WHAT YOU HAVE TO DO: Print the listing below exactly, leaving nothing out.

DATA EXCERPTS:
------------------------------------------------

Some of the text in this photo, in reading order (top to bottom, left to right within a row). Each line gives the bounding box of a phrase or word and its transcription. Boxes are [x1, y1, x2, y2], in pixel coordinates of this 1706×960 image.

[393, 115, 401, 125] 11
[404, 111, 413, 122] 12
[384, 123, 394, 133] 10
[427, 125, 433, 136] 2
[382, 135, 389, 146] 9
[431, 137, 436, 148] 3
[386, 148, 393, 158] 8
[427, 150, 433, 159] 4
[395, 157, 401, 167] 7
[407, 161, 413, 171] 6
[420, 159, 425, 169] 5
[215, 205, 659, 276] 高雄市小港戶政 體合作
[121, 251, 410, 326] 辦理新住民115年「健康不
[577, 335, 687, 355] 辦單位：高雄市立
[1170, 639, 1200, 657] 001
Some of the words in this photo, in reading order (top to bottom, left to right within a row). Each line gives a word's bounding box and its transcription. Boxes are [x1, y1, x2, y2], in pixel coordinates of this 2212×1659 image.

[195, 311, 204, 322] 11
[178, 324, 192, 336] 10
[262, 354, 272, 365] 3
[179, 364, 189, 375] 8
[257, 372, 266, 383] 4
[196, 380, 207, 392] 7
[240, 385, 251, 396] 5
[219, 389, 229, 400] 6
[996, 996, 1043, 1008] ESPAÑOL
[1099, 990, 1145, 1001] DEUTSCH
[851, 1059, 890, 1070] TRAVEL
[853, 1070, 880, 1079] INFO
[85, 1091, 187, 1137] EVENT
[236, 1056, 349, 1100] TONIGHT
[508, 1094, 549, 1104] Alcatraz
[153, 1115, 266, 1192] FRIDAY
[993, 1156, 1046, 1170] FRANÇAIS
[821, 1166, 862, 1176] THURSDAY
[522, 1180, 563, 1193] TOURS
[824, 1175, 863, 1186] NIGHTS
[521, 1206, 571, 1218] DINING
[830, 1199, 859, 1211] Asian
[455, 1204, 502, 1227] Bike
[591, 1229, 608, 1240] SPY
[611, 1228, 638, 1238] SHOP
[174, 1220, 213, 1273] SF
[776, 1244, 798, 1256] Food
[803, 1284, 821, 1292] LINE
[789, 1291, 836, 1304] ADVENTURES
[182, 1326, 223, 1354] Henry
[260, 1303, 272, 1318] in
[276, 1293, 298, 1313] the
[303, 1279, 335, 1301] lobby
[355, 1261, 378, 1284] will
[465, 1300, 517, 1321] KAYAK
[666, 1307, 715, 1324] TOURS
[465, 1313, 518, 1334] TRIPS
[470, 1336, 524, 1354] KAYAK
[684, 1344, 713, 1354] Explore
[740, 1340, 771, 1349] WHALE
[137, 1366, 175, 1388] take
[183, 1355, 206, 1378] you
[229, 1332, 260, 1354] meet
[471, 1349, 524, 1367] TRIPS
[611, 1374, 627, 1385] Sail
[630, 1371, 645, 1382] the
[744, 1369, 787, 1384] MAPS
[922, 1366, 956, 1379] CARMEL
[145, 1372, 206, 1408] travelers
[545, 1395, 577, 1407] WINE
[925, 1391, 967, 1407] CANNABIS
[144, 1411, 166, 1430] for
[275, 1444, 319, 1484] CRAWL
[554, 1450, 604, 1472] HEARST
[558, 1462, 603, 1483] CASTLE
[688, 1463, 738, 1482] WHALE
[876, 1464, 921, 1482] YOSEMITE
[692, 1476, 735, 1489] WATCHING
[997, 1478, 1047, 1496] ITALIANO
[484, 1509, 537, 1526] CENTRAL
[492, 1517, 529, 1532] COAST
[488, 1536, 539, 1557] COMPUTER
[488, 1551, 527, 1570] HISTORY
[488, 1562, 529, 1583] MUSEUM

------------------------------------------------

ANSWER SECTION:
Some of the text in this photo, in reading order (top to bottom, left to right within a row). Each line gives the bounding box of a phrase or word and its transcription. Boxes are [x1, y1, x2, y2], in pixel coordinates of this 1706×960 image.

[393, 115, 401, 125] 11
[404, 111, 413, 122] 12
[384, 123, 394, 133] 10
[427, 125, 433, 136] 2
[382, 135, 389, 146] 9
[431, 137, 436, 148] 3
[386, 148, 393, 158] 8
[427, 150, 433, 159] 4
[395, 157, 401, 167] 7
[407, 161, 413, 171] 6
[420, 159, 425, 169] 5
[215, 205, 659, 276] 高雄市小港戶政 體合作
[121, 251, 410, 326] 辦理新住民115年「健康不
[577, 335, 687, 355] 辦單位：高雄市立
[1170, 639, 1200, 657] 001
Some of the words in this photo, in reading order (top to bottom, left to right within a row). Each line gives a word's bounding box and its transcription. Boxes are [x1, y1, x2, y2], in pixel coordinates of this 2212×1659 image.

[195, 311, 204, 322] 11
[178, 324, 192, 336] 10
[262, 354, 272, 365] 3
[179, 364, 189, 375] 8
[257, 372, 266, 383] 4
[196, 380, 207, 392] 7
[240, 385, 251, 396] 5
[219, 389, 229, 400] 6
[996, 996, 1043, 1008] ESPAÑOL
[1099, 990, 1145, 1001] DEUTSCH
[851, 1059, 890, 1070] TRAVEL
[853, 1070, 880, 1079] INFO
[85, 1091, 187, 1137] EVENT
[236, 1056, 349, 1100] TONIGHT
[508, 1094, 549, 1104] Alcatraz
[153, 1115, 266, 1192] FRIDAY
[993, 1156, 1046, 1170] FRANÇAIS
[821, 1166, 862, 1176] THURSDAY
[522, 1180, 563, 1193] TOURS
[824, 1175, 863, 1186] NIGHTS
[521, 1206, 571, 1218] DINING
[830, 1199, 859, 1211] Asian
[455, 1204, 502, 1227] Bike
[591, 1229, 608, 1240] SPY
[611, 1228, 638, 1238] SHOP
[174, 1220, 213, 1273] SF
[776, 1244, 798, 1256] Food
[803, 1284, 821, 1292] LINE
[789, 1291, 836, 1304] ADVENTURES
[182, 1326, 223, 1354] Henry
[260, 1303, 272, 1318] in
[276, 1293, 298, 1313] the
[303, 1279, 335, 1301] lobby
[355, 1261, 378, 1284] will
[465, 1300, 517, 1321] KAYAK
[666, 1307, 715, 1324] TOURS
[465, 1313, 518, 1334] TRIPS
[470, 1336, 524, 1354] KAYAK
[684, 1344, 713, 1354] Explore
[740, 1340, 771, 1349] WHALE
[137, 1366, 175, 1388] take
[183, 1355, 206, 1378] you
[229, 1332, 260, 1354] meet
[471, 1349, 524, 1367] TRIPS
[611, 1374, 627, 1385] Sail
[630, 1371, 645, 1382] the
[744, 1369, 787, 1384] MAPS
[922, 1366, 956, 1379] CARMEL
[145, 1372, 206, 1408] travelers
[545, 1395, 577, 1407] WINE
[925, 1391, 967, 1407] CANNABIS
[144, 1411, 166, 1430] for
[275, 1444, 319, 1484] CRAWL
[554, 1450, 604, 1472] HEARST
[558, 1462, 603, 1483] CASTLE
[688, 1463, 738, 1482] WHALE
[876, 1464, 921, 1482] YOSEMITE
[692, 1476, 735, 1489] WATCHING
[997, 1478, 1047, 1496] ITALIANO
[484, 1509, 537, 1526] CENTRAL
[492, 1517, 529, 1532] COAST
[488, 1536, 539, 1557] COMPUTER
[488, 1551, 527, 1570] HISTORY
[488, 1562, 529, 1583] MUSEUM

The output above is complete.